About this exercise → Restate the records word for word. Include no pictures.

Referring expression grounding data
^^^^^^^^^^^^^^^^
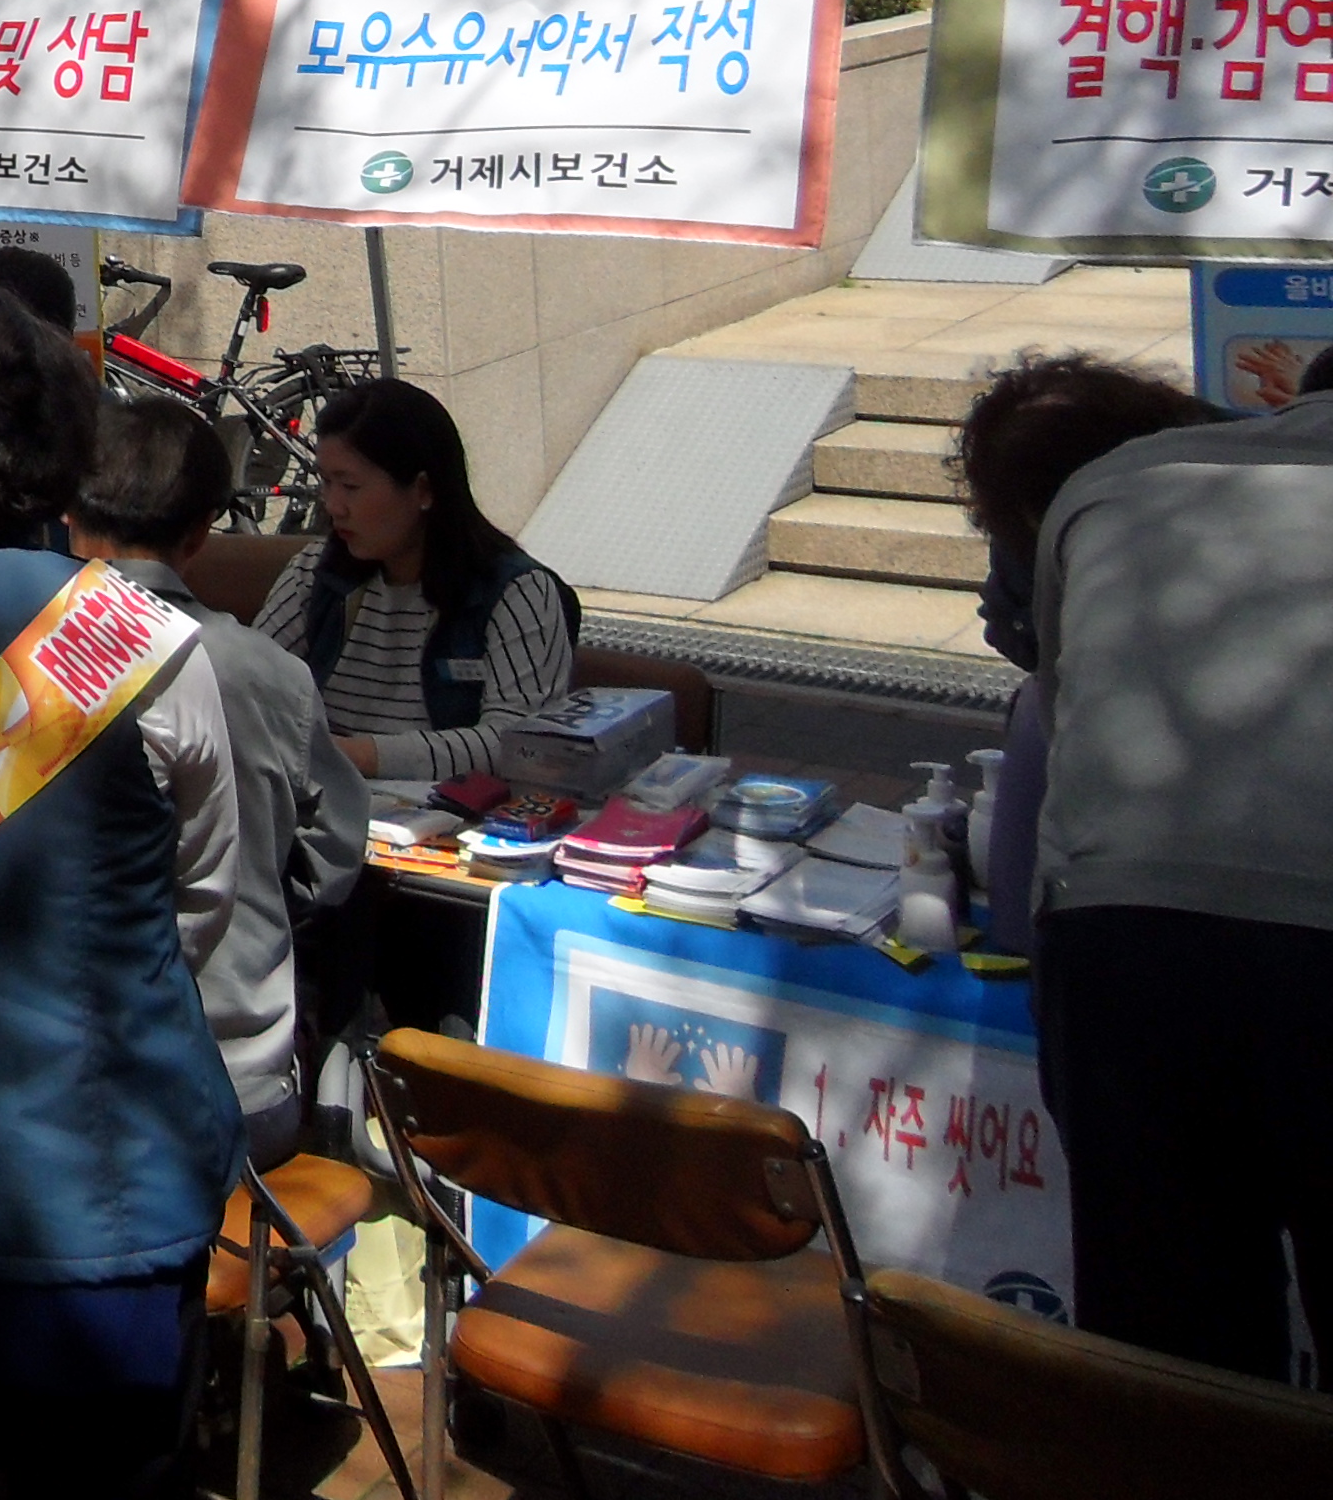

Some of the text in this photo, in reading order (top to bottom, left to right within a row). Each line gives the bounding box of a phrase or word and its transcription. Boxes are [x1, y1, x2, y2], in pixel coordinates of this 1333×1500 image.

[47, 10, 150, 102] 상담
[296, 11, 637, 96] 모유수유서약서
[429, 150, 678, 189] 거제시보건소
[862, 1077, 928, 1171] 자주
[943, 1095, 1045, 1198] 씻어요
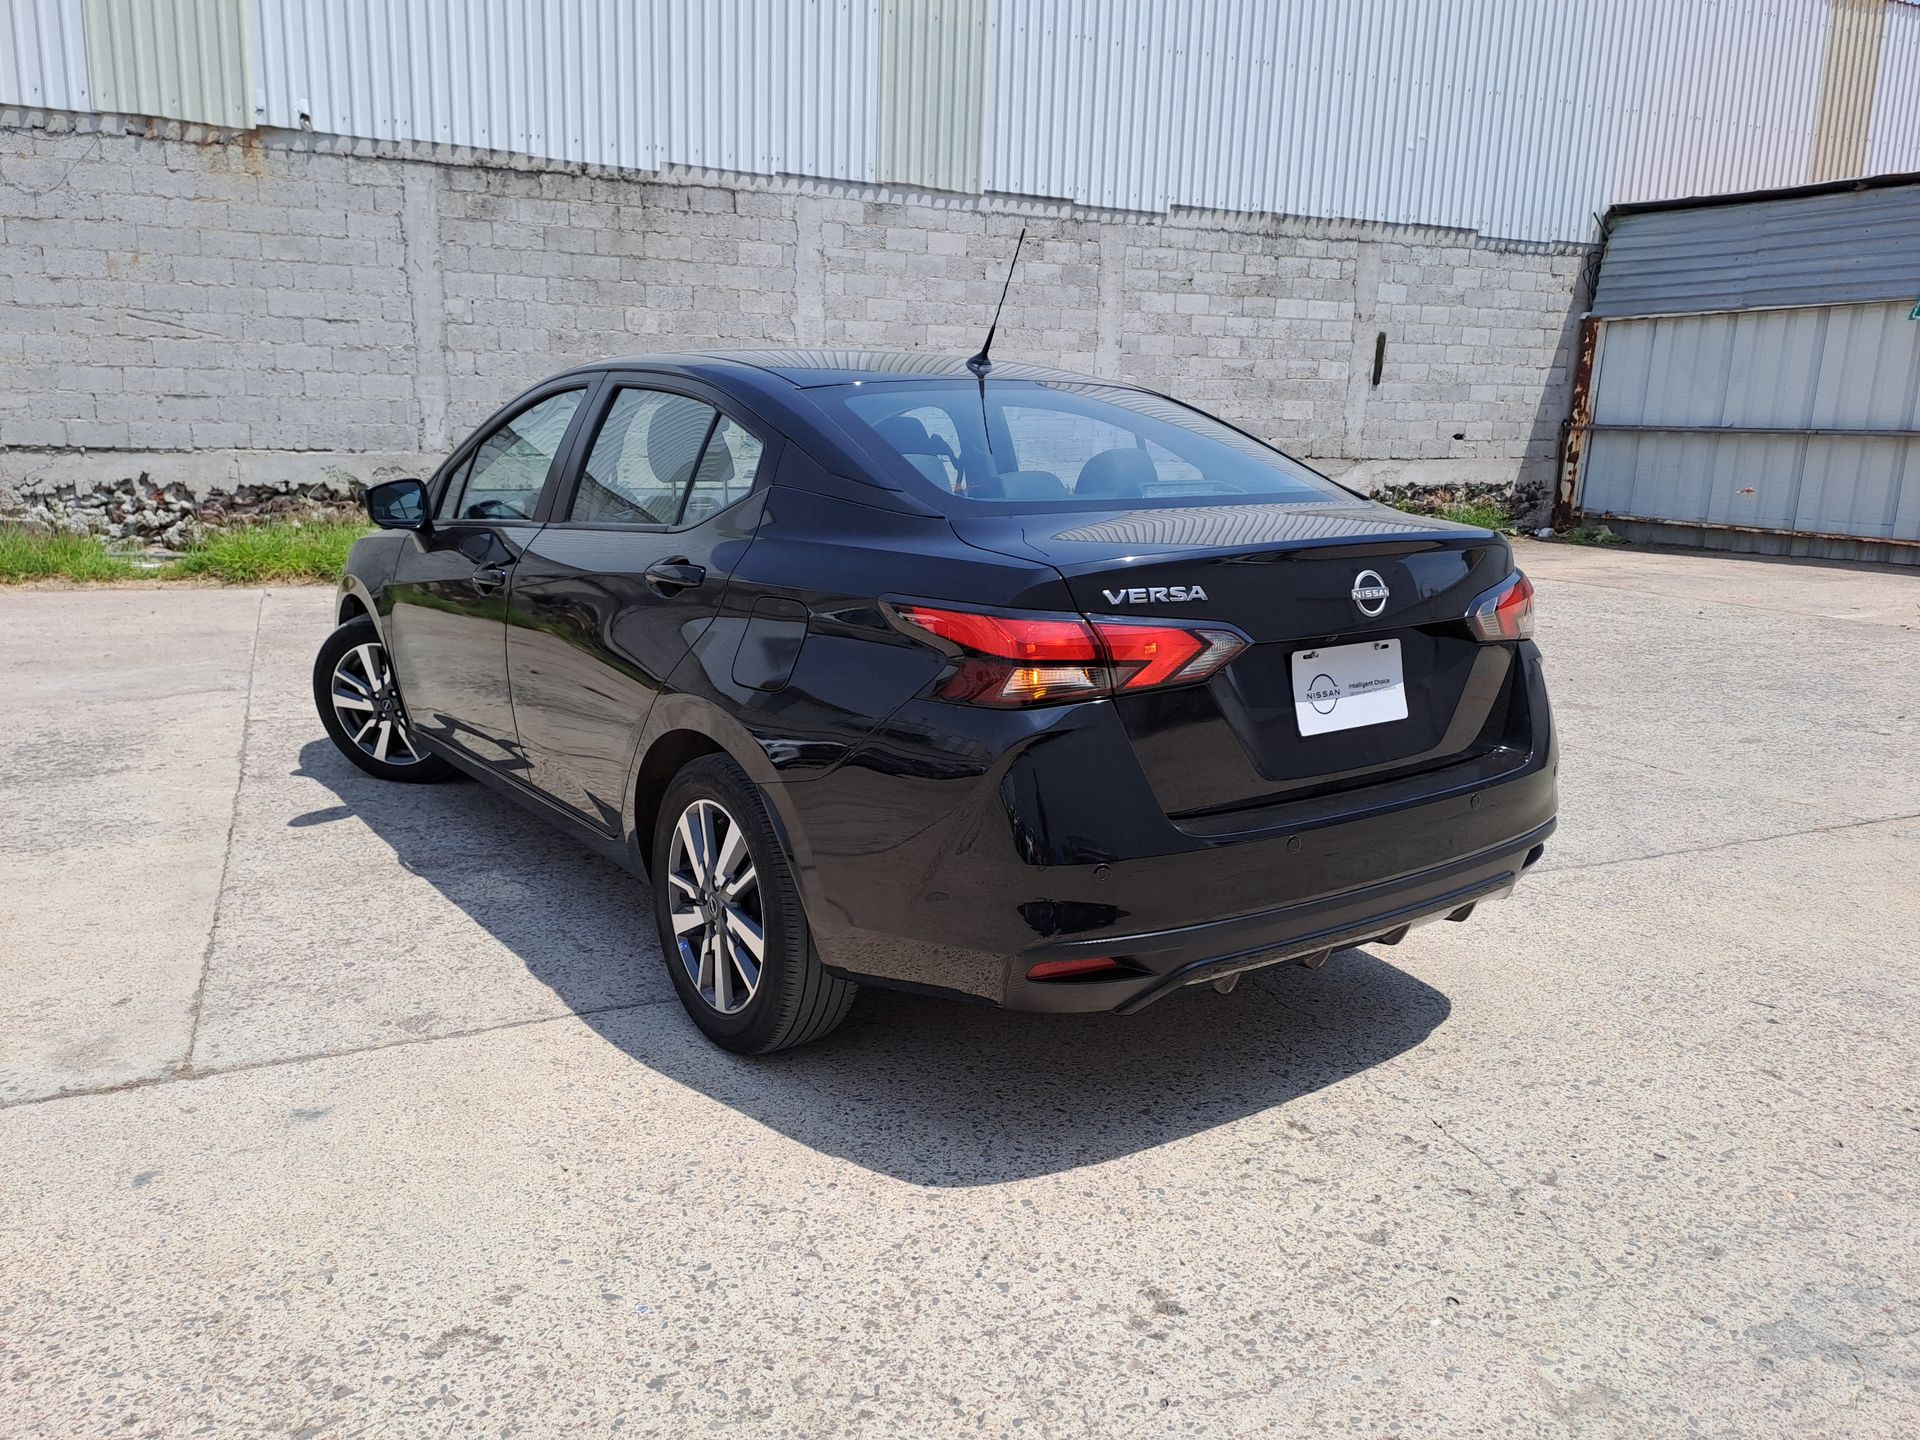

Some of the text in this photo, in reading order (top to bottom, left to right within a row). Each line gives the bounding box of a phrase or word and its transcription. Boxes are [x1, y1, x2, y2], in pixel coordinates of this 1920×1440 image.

[1102, 585, 1208, 605] VERSA
[1353, 588, 1389, 599] NISSAN
[1348, 681, 1373, 689] Intelligent
[1306, 689, 1340, 699] NISSAN
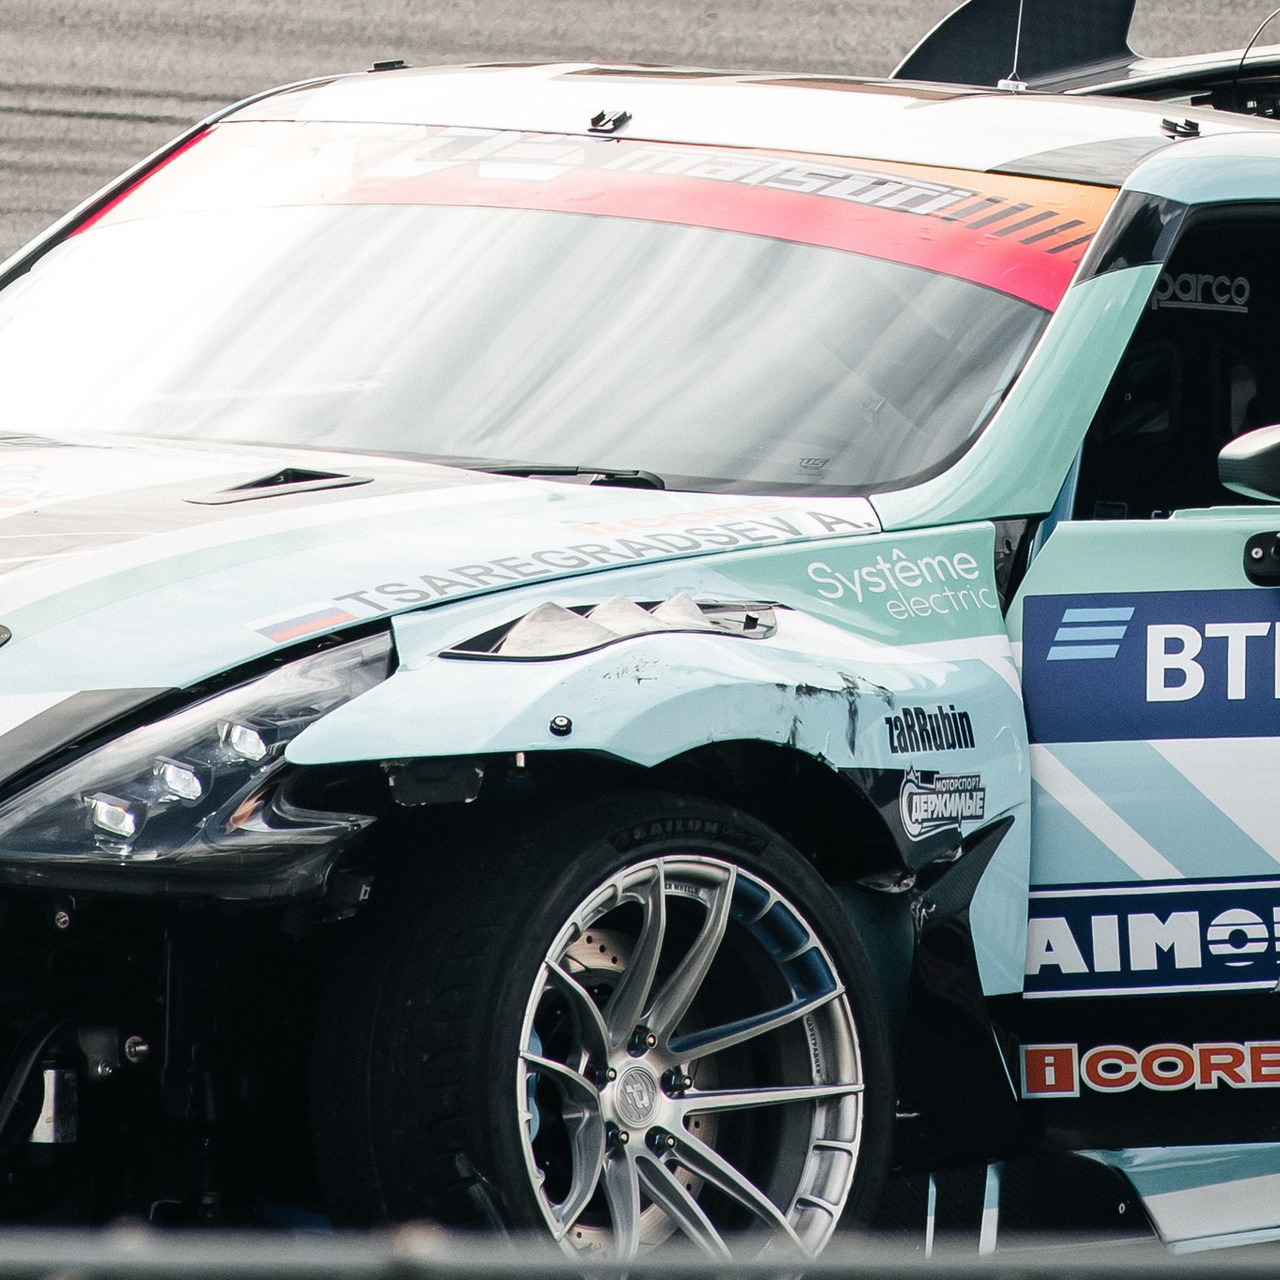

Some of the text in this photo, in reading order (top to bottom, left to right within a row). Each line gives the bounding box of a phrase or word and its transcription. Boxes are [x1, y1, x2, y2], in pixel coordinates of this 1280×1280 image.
^^^^^^^^^^^^^^^^
Exercise output →
Some of the text in this photo, in reading order (top to bottom, left to right within a row). Each line gives the bounding box of a phrase or word and its transcription. Boxes are [x1, y1, x2, y2], in pixel coordinates of this 1333×1500 image.

[47, 10, 150, 102] 상담
[296, 11, 637, 96] 모유수유서약서
[429, 150, 678, 189] 거제시보건소
[862, 1077, 928, 1171] 자주
[943, 1095, 1045, 1198] 씻어요

Some of the text in this photo, in reading order (top to bottom, left to right within a row). Each line gives the bounding box of a phrase or word and its transcription. Boxes are [x1, y1, x2, y2], in pixel coordinates of this 1920×1440 image.

[1102, 585, 1208, 605] VERSA
[1353, 588, 1389, 599] NISSAN
[1348, 681, 1373, 689] Intelligent
[1306, 689, 1340, 699] NISSAN

Some of the text in this photo, in reading order (top to bottom, left to right within a row). Each line gives the bounding box of a phrase or word and its transcription. Boxes are [x1, y1, x2, y2], in pixel coordinates of this 1280×1280 image.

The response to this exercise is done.